Ezra me recebe animado pela manhã, com aquele terrível bom humor fora de hora que me incomoda tanto. Assim que entro no seu escritório e me sento, ele joga um jornal no meu colo.
— Parece que a imprensa finalmente lembrou que você existe.
É a página do caderno de artes. Passo os olhos e logo reconheço minha foto no canto inferior. É uma nota considerável.
— Viu o título? — Ezra me pergunta.
"Roqueiro prepara retorno"
"Alex Britto resolveu voltar à música. O cantor e guitarrista, ex-participante do programa Rockstar – o reality show que ele venceu com sua antiga banda, Os Estapafúrdios –, deu os primeiros sinais de retorno. Apóslançar dois discos com a banda e um solo, Alex Britto estava, há oito anos, afastado da carreira artística. Agora, ele está de volta aos estúdios cariocas, e, desta vez, com ninguém menos do que Mark Johnson, o famoso produtor britânico. Não se sabe ainda se já existe uma previsão de lançamento ou qual será o título do novo álbum, mas fontes afirmam que Alex quer mostrar o bom e velho rock-and-roll para a garotada dos dias de hoje. O disco, entretanto, não deve demorar. Segundo a fonte, está quase pronto e passa por uma pós-produção."

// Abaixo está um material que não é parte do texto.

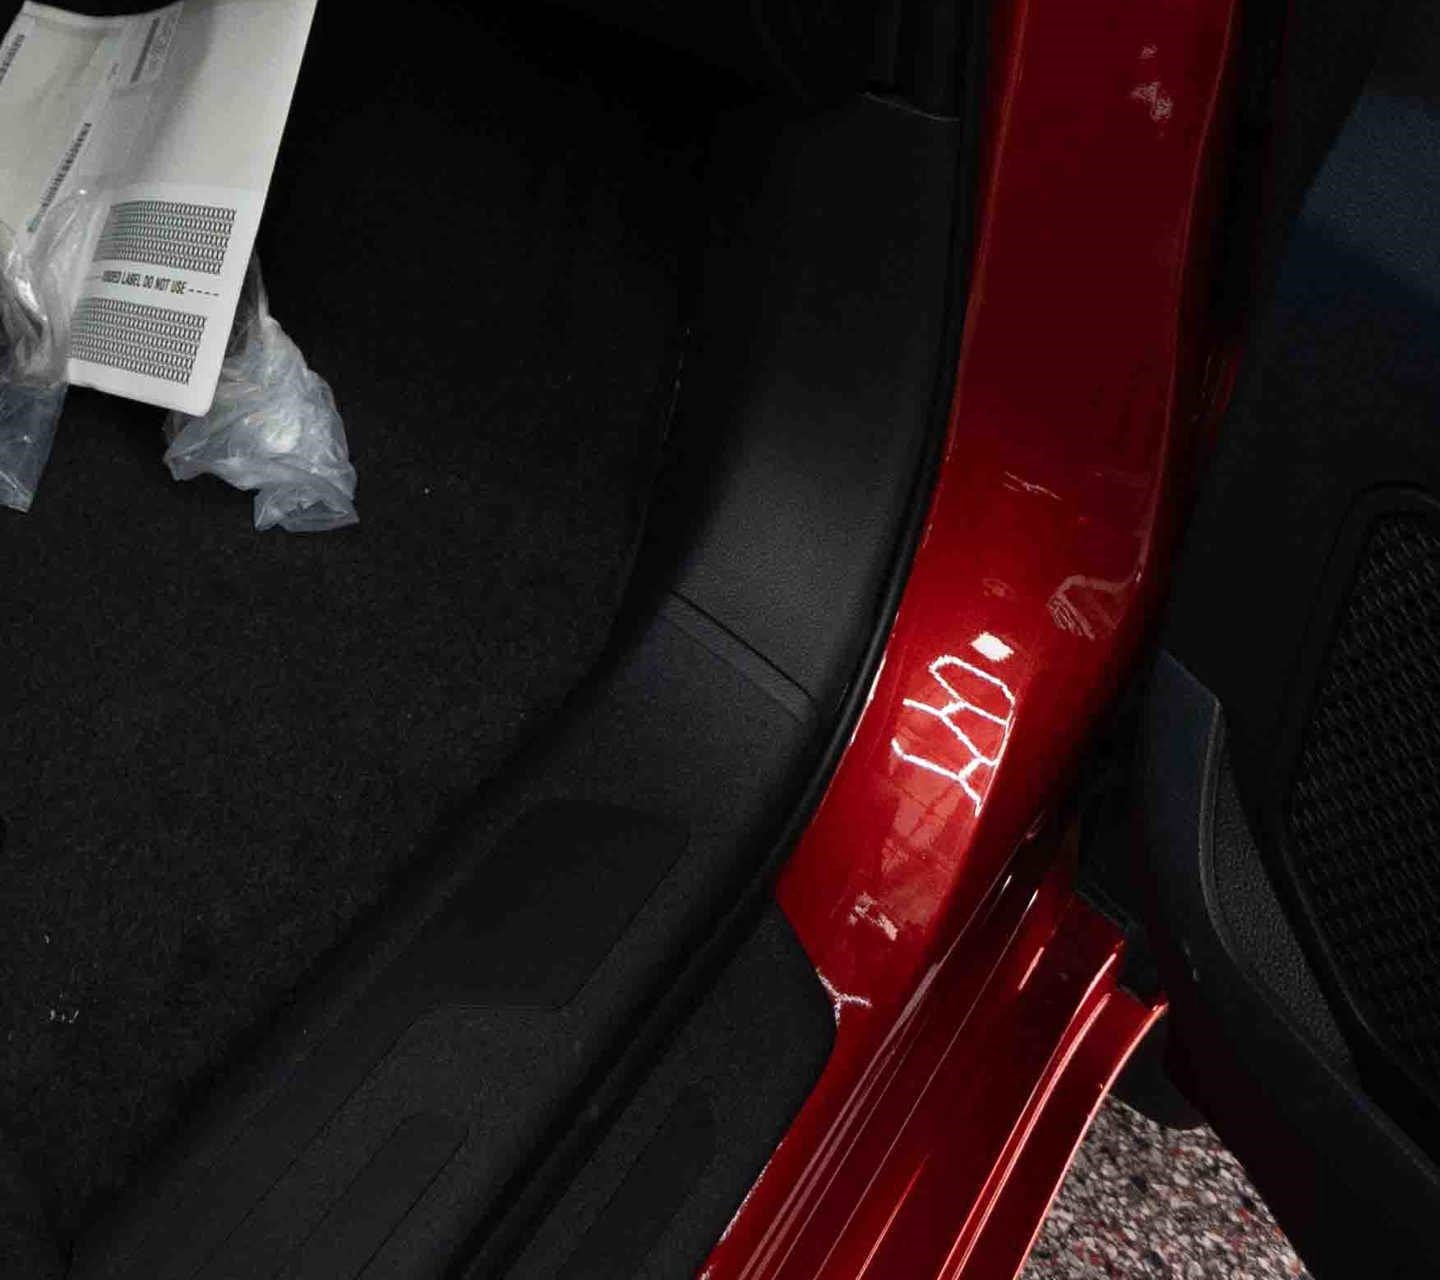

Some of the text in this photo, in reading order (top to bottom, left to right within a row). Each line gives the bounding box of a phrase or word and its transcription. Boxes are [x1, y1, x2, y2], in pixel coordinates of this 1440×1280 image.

— Quem escreveu isto? — eu pergunto a Ezra.
— Deve ter o nome em algum lugar na página. Por quê?
— Eles me tratam como se estivessem surpreso com o meu retorno, como se eu fosse uma múmia levantando do sarcófago.
— Ninguém espera uma longa carreira para um ex-participante de reality show.
— Quantas vezes você ainda vai repetir isso?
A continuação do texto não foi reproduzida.